Iranian state media also reported that several Iranian news websites were affected to show messages against Khamenei’s government that day, although these have also not been claimed by the US or Israeli government.

But the Israel Defense Forces did claim loans for a strike it said hit Iran’s “Cyber ​​Warfare headquarters,” although the extent of damage to the facility and the impact of the strike on Iran’s cyber capabilities remain unclear.

Iran has long been classified as one of the biggest enemies of the United States and its allies on the Internet, with Iranian hackers successfully targeting everything from. Las Vegas casinos for Rural water systems of the United States for Trump 2024 election campaigns.

“Iran is a threat when it comes to cybersecurity,” said Scott White, director of the cybersecurity program at George Washington University and a former Canadian military and intelligence officer. “We put Iran in the group of China, Russia, North Korea as the four biggest state-sponsored threats.”

Since the war with Iran began on February 28, there have been some indications of groups linked to Iran targeting Israeli systems, and Israel’s National Cyber ​​Directorate. warning about “dozens” of Iranian violations of Israeli security cameras and infiltration attempts and delete data from Israeli systems. So-called Iran-linked hacker groups such as Handala and Cyber ​​Islamic Resistance have also targeted US, Israeli, and other regional infrastructure in the past week, according to cybersecurity firms. Flashpoint and Halcyonbut many of the groups’ claims about the effects of their attacks have yet to be confirmed.

Overall, the large-scale cyber retaliation expected from Iranian state actors has been “more muted,” particularly against critical US infrastructure, according to Alexander Leslie, a senior consultant at the cybersecurity and intelligence firm Recorded Future. “There is a lot of alleged activity and low-level disruption, and Iran’s advanced network has been proven to be minimal,” he said in an email. “We continue to see signs that groups linked to the IRGC (Islamic Revolutionary Guard Corps) and the Ministry of Intelligence have been quieter and more defensive than many expected, while hacker noise is easier to generate and easier to amplify.”

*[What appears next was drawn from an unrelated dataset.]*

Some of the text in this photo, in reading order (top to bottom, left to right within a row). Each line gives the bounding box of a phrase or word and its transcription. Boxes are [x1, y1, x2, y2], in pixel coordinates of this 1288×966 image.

While that may be due to war disruptions, limited internet connectivity inside Iran, and the assassination of senior leaders who would normally direct online operations, it is also understood that Iran is biding its time.

“While this (Trump) administration may live this time, the Iranians will live a year,” White said. “We may have an answer to this crisis a year from now — any time you’re dealing with a symmetrical war, it’s going to be in their time.”

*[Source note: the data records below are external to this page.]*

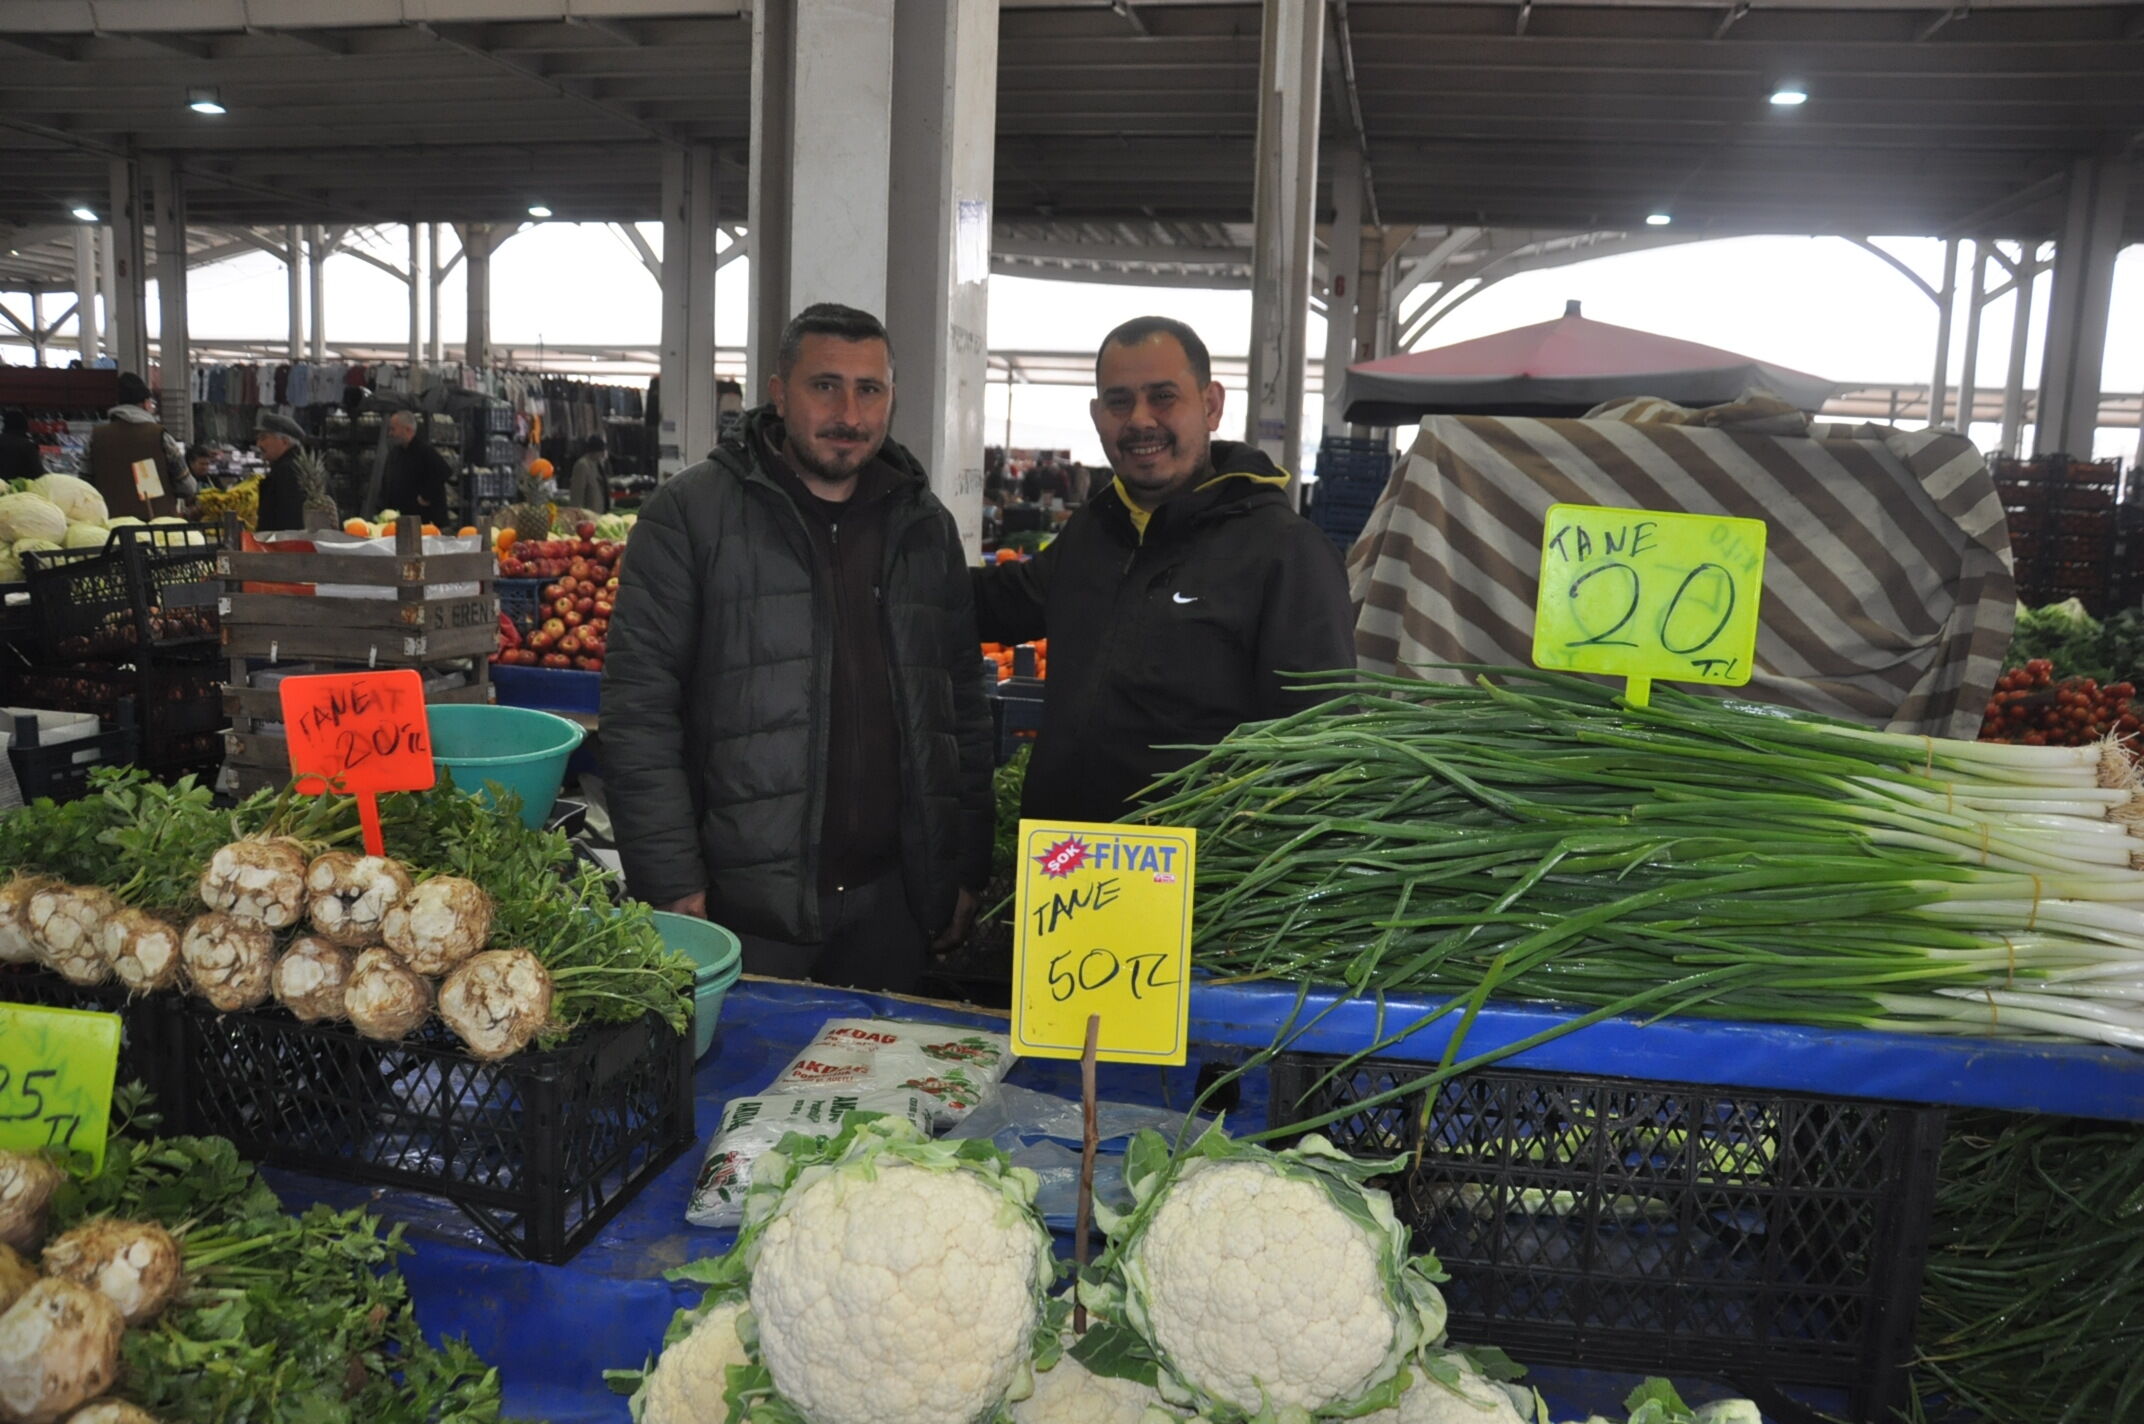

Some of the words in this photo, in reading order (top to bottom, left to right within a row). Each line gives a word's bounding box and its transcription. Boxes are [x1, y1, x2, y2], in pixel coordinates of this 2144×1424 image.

[1549, 521, 1658, 562] TANE
[1565, 562, 1736, 655] 20
[299, 680, 370, 738] TANE
[1047, 844, 1081, 872] ŞOK
[1094, 837, 1178, 873] FİYAT
[1033, 877, 1121, 937] TANE

Wednesday offered a small taste of what that might look like, when Michigan-based medical device company Stryker — which employs more than 56,000 people worldwide —he said had been affected by cyber attacks. Handala, a hacker group with ties to Iran, is reported claimed responsibility for attackalthough Stryker has not yet linked the attack to any specific group or actor.

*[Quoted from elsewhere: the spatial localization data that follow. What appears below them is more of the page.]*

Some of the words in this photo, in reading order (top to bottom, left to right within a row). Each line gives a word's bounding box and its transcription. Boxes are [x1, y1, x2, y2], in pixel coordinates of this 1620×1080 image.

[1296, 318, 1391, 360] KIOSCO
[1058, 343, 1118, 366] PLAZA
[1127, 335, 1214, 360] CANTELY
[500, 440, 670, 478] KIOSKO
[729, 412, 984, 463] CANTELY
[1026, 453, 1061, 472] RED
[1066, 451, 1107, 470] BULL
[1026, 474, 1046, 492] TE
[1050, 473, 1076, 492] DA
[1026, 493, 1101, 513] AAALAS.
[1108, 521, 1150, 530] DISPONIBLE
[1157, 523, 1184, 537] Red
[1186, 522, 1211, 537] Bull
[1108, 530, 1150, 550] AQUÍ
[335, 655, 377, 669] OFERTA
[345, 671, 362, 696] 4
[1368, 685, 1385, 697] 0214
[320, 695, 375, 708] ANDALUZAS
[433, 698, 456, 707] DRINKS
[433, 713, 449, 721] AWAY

Dismantling Iran’s cyber capabilities is more difficult than destroying its bombs and missiles, and Williams said that the more Iran’s conventional military capabilities are reduced, the more likely it is to expand into cyberspace. The ability of cyber to be deployed from anywhere means “it’s a tool that is accessible even to well-resourced actors, so I would worry over time about Iran using more cyber attacks as a tool in the conflict as its kinetic capabilities are destroyed,” he added.

But the increasing use of cyber and kinetic attacks by the United States has further blurred the line between the two and continues to change the concept of what modern warfare looks like. “This battle reinforces the idea that the Internet is embedded in modern conflict rather than close to it,” Leslie said.